**REQUIREMENT:**
Your reply should consist of the entries, copied exactly and stripped of images.

Free-text object descriptions:
^^^^

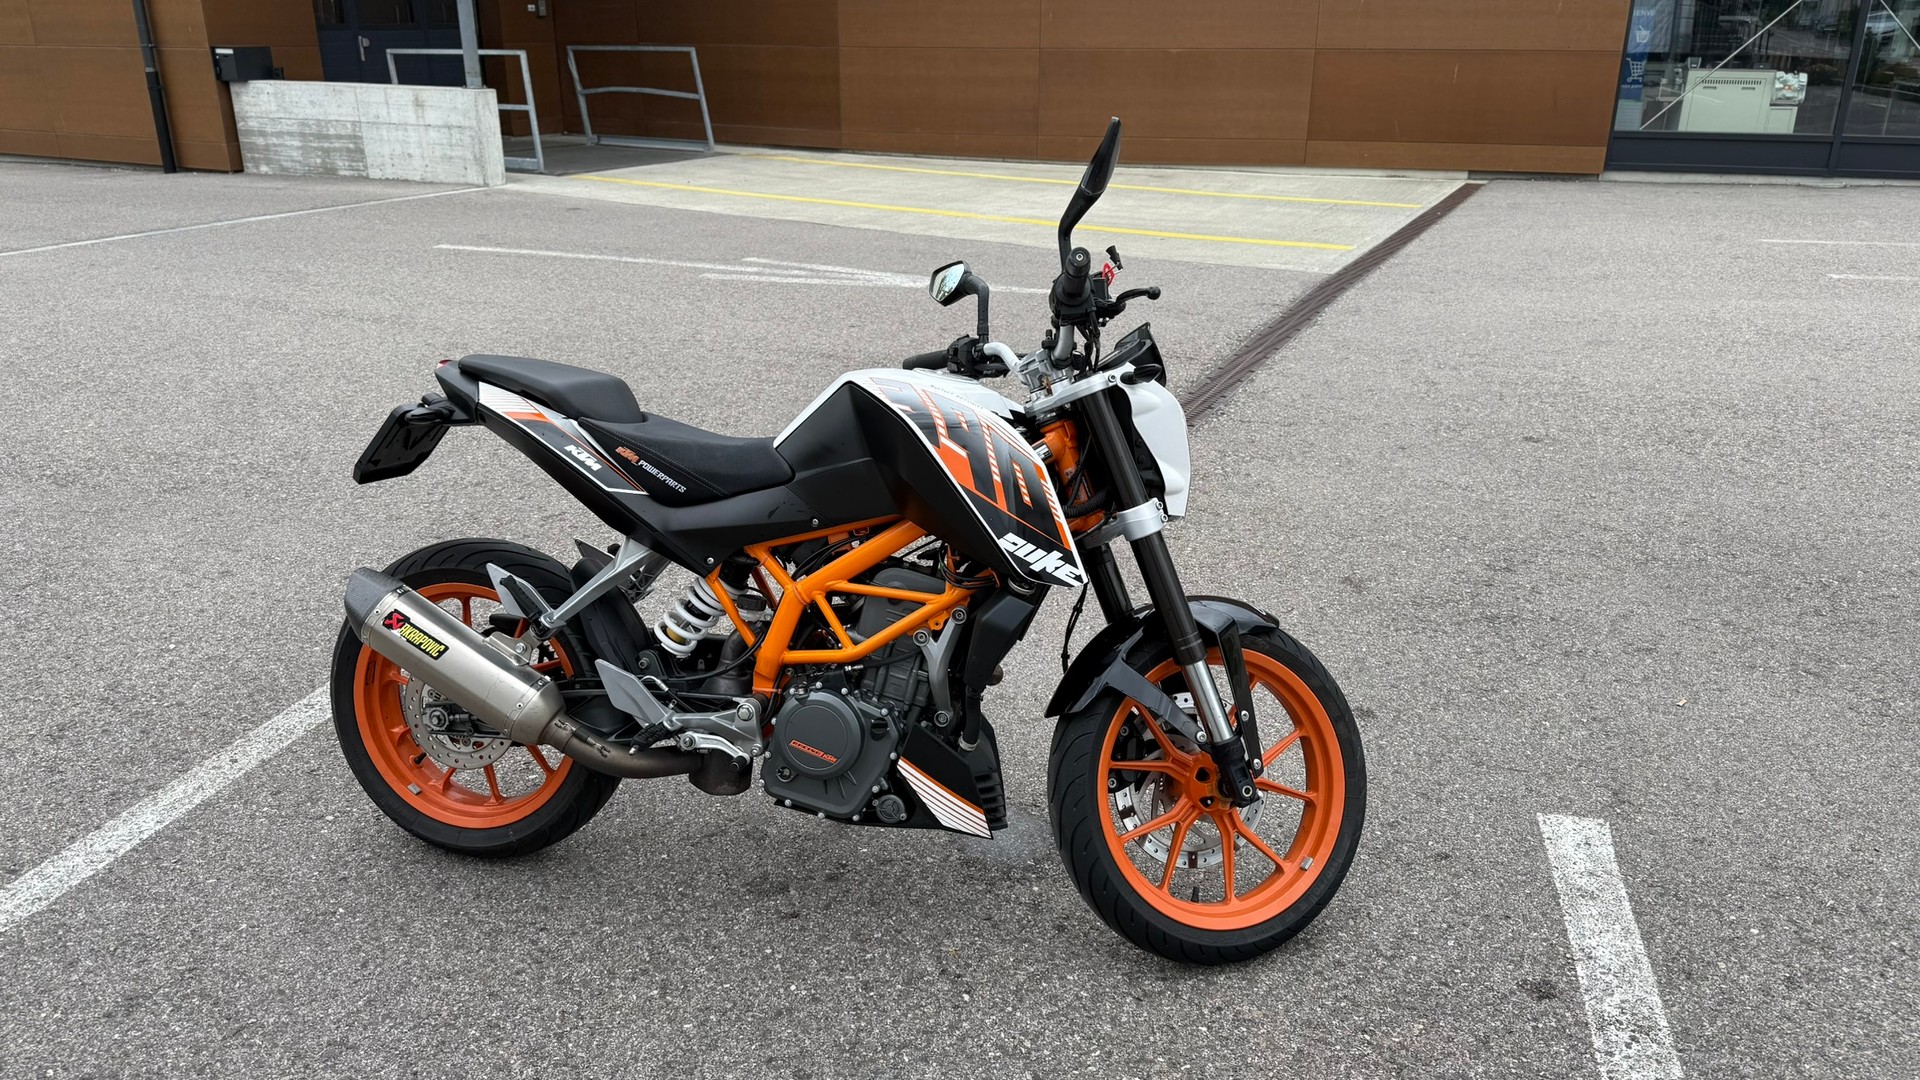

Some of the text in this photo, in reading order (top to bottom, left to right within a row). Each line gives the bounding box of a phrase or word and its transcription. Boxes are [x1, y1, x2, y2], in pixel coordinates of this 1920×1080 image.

[563, 444, 602, 471] KTM
[638, 460, 687, 493] POWERPARTS
[998, 532, 1082, 587] DUKE
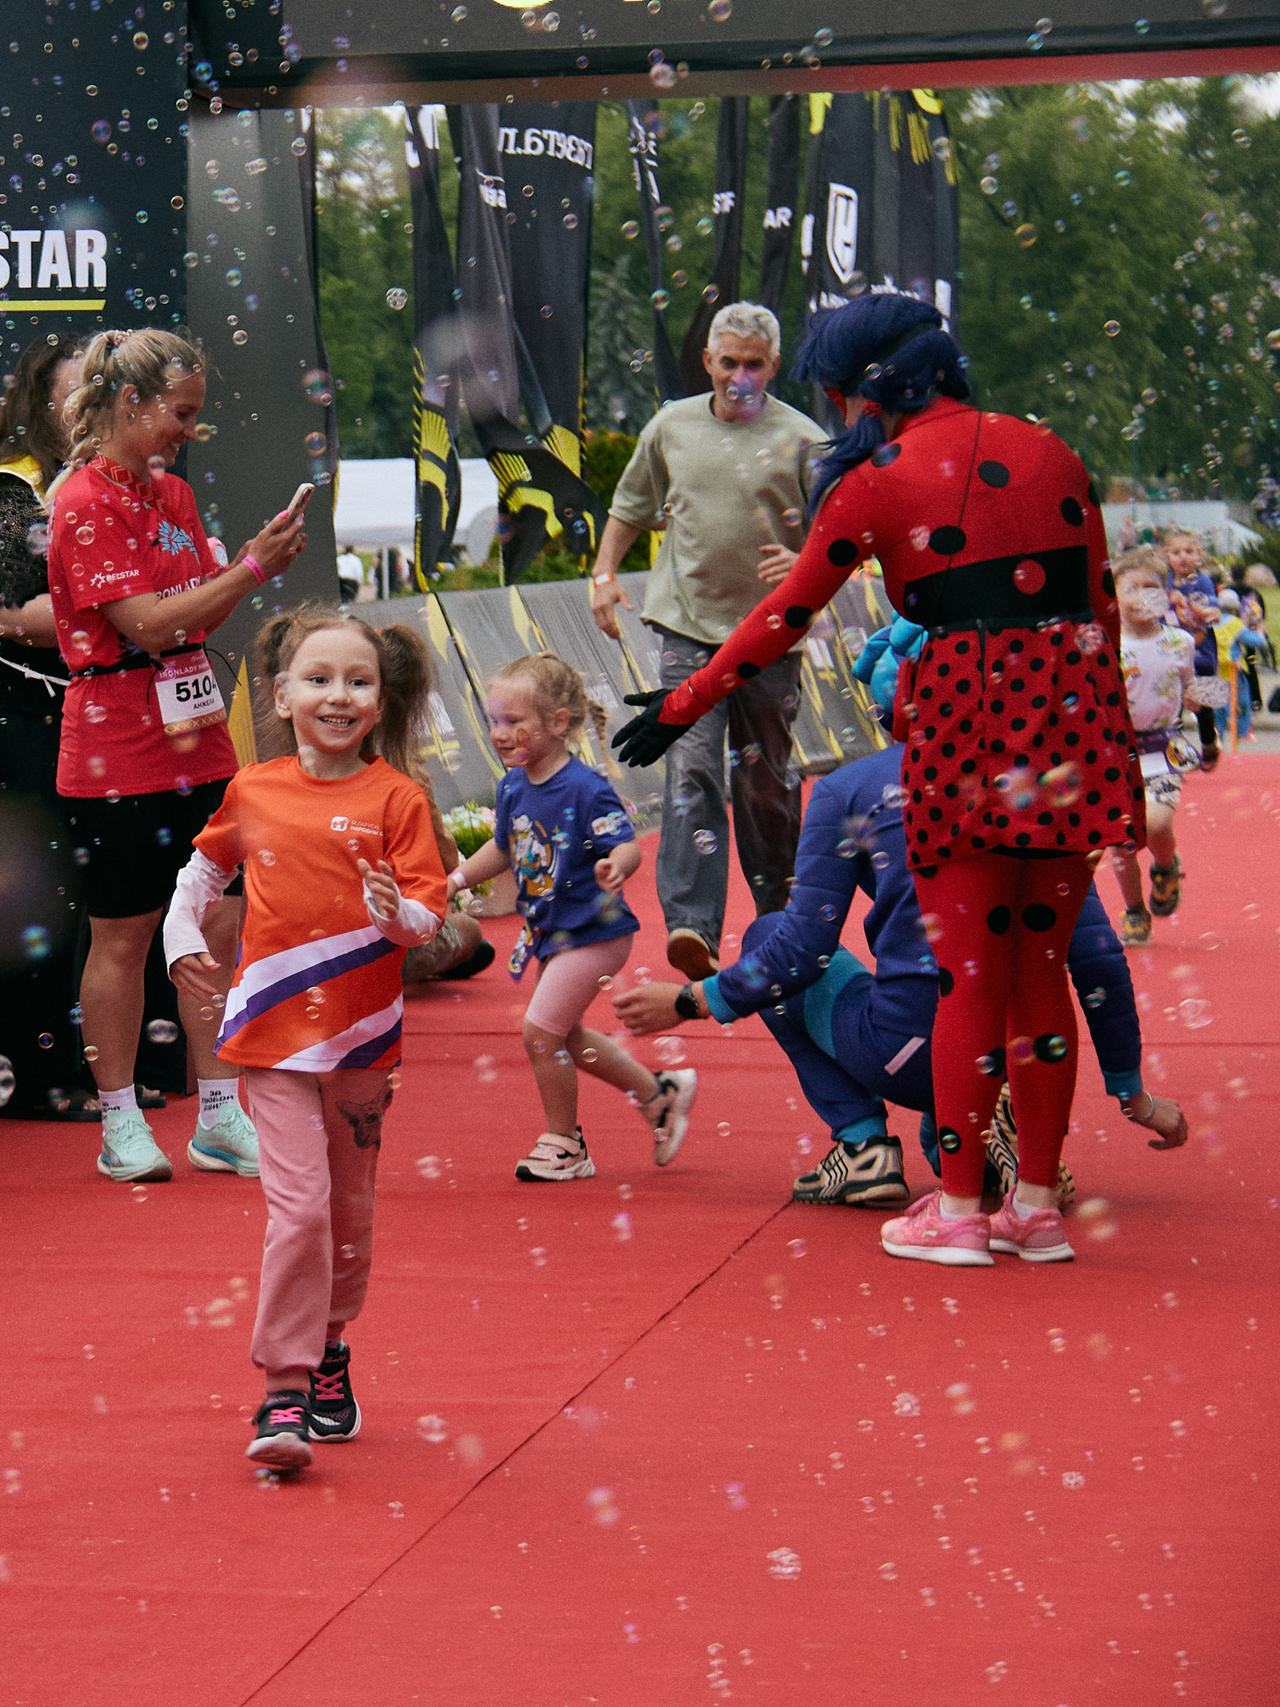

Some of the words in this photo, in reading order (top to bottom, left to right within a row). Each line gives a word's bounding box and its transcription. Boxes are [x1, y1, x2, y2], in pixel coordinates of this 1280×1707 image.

[106, 569, 140, 583] BELSTAR
[156, 575, 201, 600] RONLADY
[176, 674, 218, 702] 510
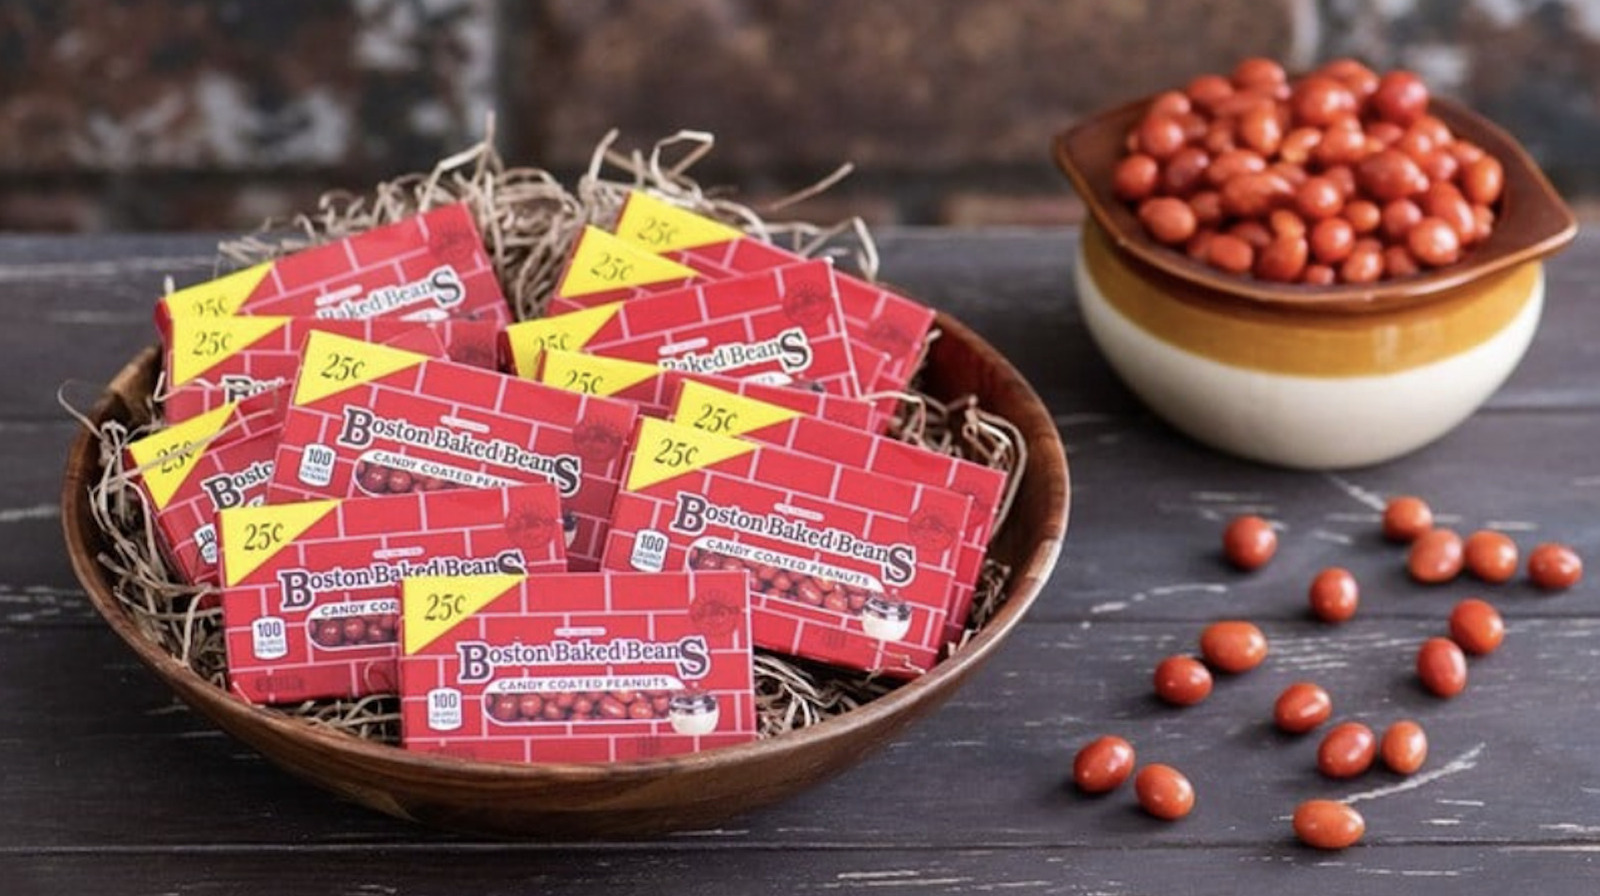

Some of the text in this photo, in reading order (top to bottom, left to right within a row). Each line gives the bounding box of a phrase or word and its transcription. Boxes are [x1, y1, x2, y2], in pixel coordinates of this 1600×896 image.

^^^^

**TASK OUTPUT:**
Some of the text in this photo, in reading order (top to bottom, left to right within a row). Each line gives the bounding box of a phrase or word and its transcription. Boxes are [x1, y1, x2, y2], in pixel coordinates of this 1920×1080 image.

[563, 444, 602, 471] KTM
[638, 460, 687, 493] POWERPARTS
[998, 532, 1082, 587] DUKE

Some of the words in this photo, in reading order (top to bottom, left to right within a row). Each line gives a word's bounding box and its transcription. Boxes are [x1, y1, x2, y2], in pixel coordinates of this 1280×1707 image.

[106, 569, 140, 583] BELSTAR
[156, 575, 201, 600] RONLADY
[176, 674, 218, 702] 510

Some of the text in this photo, in reading order (top to bottom, left to right within a row). Each line gives the bounding box of a phrase or word and its transcription. Boxes are [x1, y1, x2, y2], in pixel coordinates of this 1600×896 image.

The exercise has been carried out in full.